Duke University - Institute of Statistics & Decision Sciences
Recent advances in the understanding of genetic susceptibility to breast cancer, notably identification of the BRCA1 and BRCA2 susceptibility genes, raise important questions for clinicians, patients and policy makers. Answers to many of these questions hinge on accurate assessment of the probability of carrying a genetic susceptibility mutation. In particular, it is important to predict genetic susceptibility based on easy-to-collect data about family history of breast and related cancers.

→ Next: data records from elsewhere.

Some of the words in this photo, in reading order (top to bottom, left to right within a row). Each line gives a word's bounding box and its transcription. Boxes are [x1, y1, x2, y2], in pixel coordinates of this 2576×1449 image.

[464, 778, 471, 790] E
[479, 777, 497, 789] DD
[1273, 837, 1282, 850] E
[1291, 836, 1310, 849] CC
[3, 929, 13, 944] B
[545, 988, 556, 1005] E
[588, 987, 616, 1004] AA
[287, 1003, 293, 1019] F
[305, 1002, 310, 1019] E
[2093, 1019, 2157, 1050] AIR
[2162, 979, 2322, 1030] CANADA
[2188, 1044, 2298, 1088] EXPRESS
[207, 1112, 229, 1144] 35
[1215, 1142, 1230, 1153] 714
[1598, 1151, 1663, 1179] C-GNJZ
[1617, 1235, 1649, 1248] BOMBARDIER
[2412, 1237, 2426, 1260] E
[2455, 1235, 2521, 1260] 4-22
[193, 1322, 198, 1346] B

In this talk I will describe a simple prediction model of genetic susceptibility. Our model is based on combining published data about the genes' prevalence, penetrance and inheritance mechanism, together with a straightforward application of Bayes' rule. I will briefly outline the basic elements of our model and then describe four areas of current research: (i) directly using the model in genetic counseling; assessing and communicating uncertainty about the model's estimated probability; (ii) validating the model using pedigree data on tested individuals, accounting for errors in genetic testing; (iii) using the model for exploring differences in prognosis between carriers and noncarriers of the genes, by incorporating detailed pedigree information in a survival analysis; (iv) developing a comprehensive model of breast cancer risk, including pedigree information as well as other risk factors. The latter raises interesting issues about jointly modeling case-control and prospective studies.